現に事業活動に使用・利用されていることを要しません。また、直接ビジネスに活用されている情報に限らず、間接的な(潜在的な)価値がある場合も含まれます。例えば、過去に失敗した研究データ等のいわゆるネガティブ・インフォメーションにも有用性は認められることがあります。
③非公知性
「公然と知られていない」とは、一般的に知られた状態になっていない、又は容易に知ることができない状態にあることをいいます。具体的には、合理的な努力の範囲内で入手可能な刊行物に記載されていない状態にあることや、公開情報や一般に入手可能な商品等から容易に推測・分析されないなど、保有者の管理下以外では一般的に入手できない状態にあることとされています。
実務上の注意点
①情報に触れる(アクセスできる)権利のある者を指定。
重要な情報ほど、その情報にアクセスできる人数を制限する。
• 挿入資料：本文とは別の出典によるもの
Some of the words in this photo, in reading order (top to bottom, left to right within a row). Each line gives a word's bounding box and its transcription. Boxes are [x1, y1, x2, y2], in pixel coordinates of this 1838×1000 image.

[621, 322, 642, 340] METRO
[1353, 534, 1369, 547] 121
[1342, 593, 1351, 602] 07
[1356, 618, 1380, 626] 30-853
業務上やむを得ない場合は、許可制による持ち出し制限とします。この場合、しっかりとした取扱いルール(回収・廃棄等)を決めておきましょう。
②触れてはいけない情報について、その情報が秘密であるとわかるようにする。
「社外秘」「マル秘」などの表示や分離管理などで明確に秘密であることを注意喚起しましょう。
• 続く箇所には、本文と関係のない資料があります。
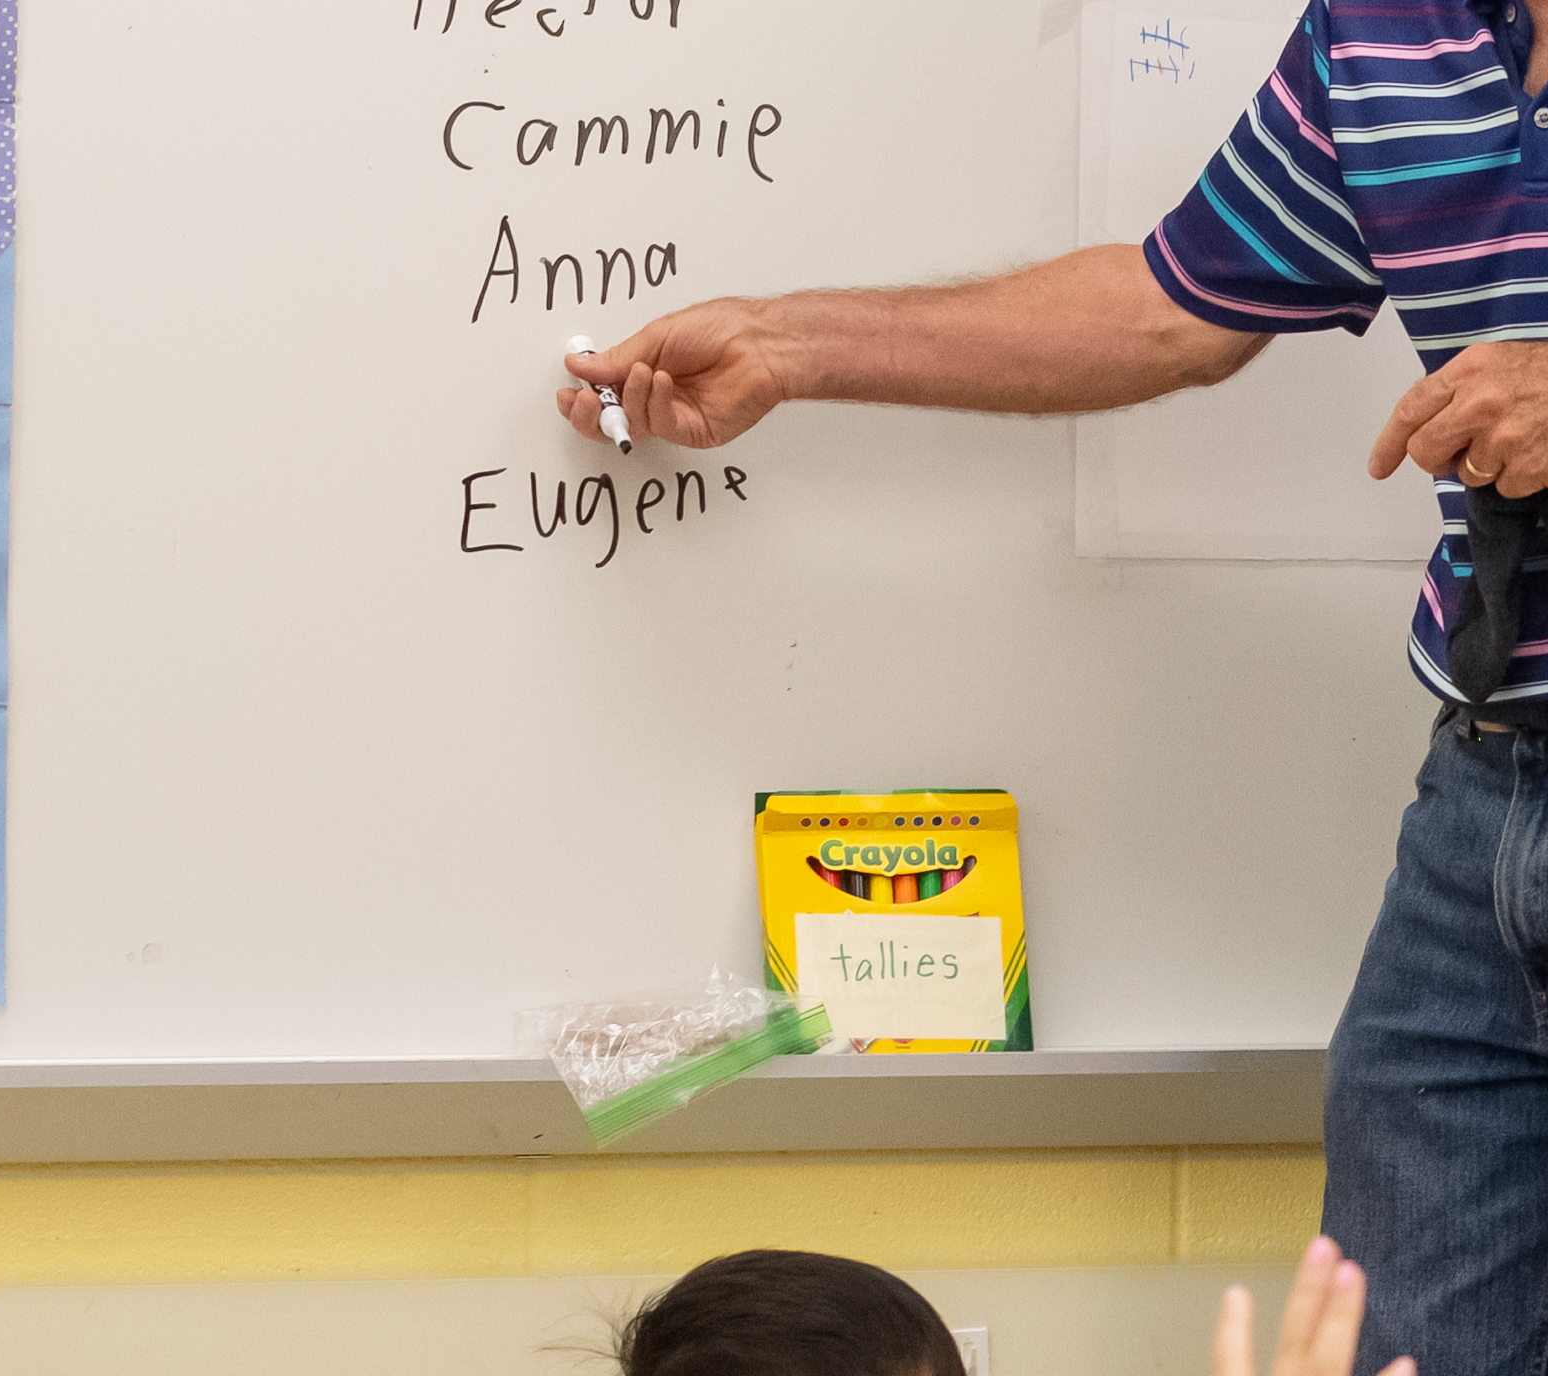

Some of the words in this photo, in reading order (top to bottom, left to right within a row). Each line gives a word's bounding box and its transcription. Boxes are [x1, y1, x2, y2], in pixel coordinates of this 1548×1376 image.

[442, 97, 783, 184] Cammie
[470, 214, 678, 325] Anna
[459, 464, 749, 570] Eugene
[820, 839, 960, 873] Crayola
[830, 939, 960, 984] tallies
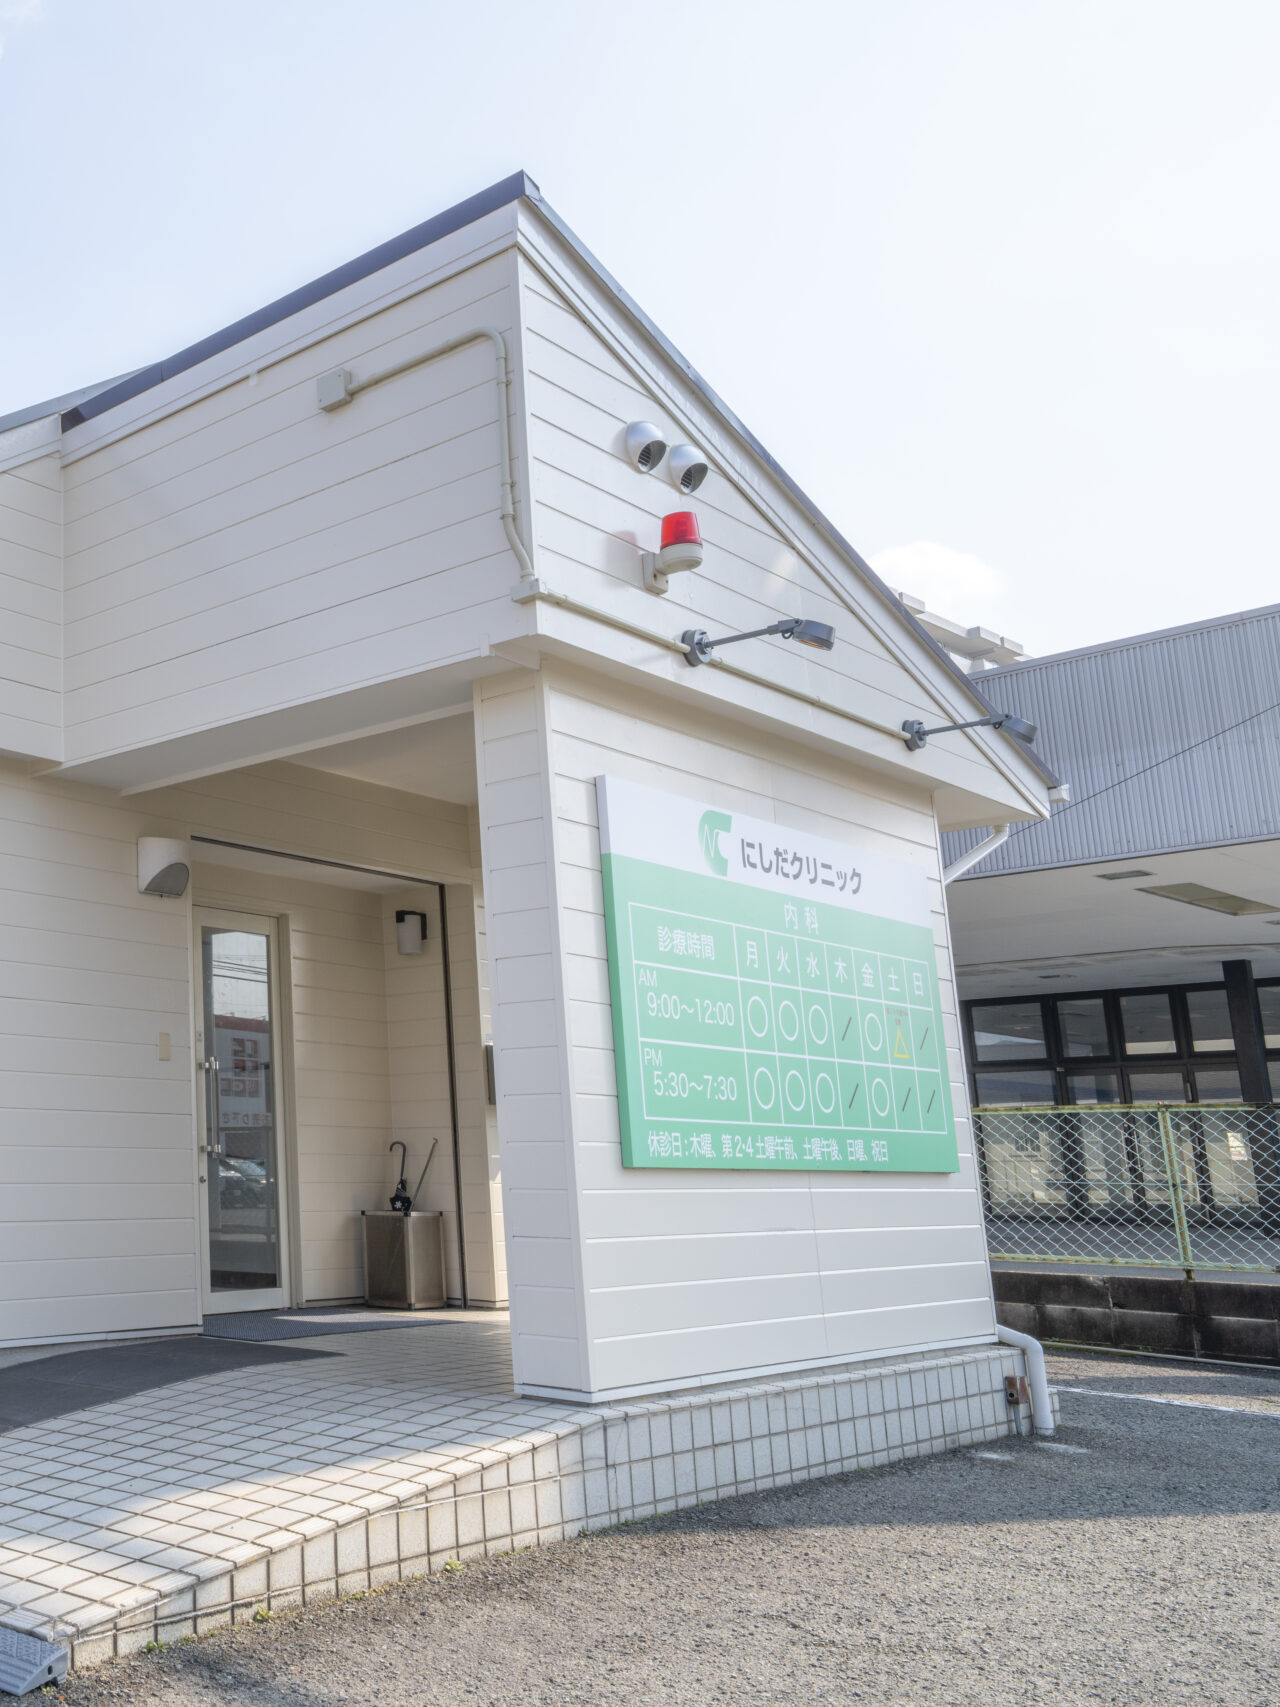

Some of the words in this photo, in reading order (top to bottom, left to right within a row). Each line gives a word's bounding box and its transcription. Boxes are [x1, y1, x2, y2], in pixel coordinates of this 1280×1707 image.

[740, 838, 863, 895] にしだクリニック
[784, 904, 819, 935] 内科
[638, 965, 657, 987] AM
[657, 926, 715, 961] 診療時間
[746, 941, 759, 969] 月
[776, 948, 792, 974] 火
[806, 952, 821, 978] 水
[834, 957, 848, 983] 木
[861, 962, 875, 988] 金
[888, 969, 901, 992] 土
[913, 975, 923, 996] 日
[644, 1047, 662, 1066] PM
③技術的にその情報に触れる(アクセスする)ことを制限する。
ID・パスワード管理、複製禁止、個人USB等の接続禁止など、各種の技術的な管理を徹底しましょう。
おわりに
万一、営業秘密が漏えいした場合には、経営に甚大な影響を与えかねません。テレワーク実施にあたり、重要な情報の保護については、今一度、管理状況が適切かを確認されてはいかがでしょうか。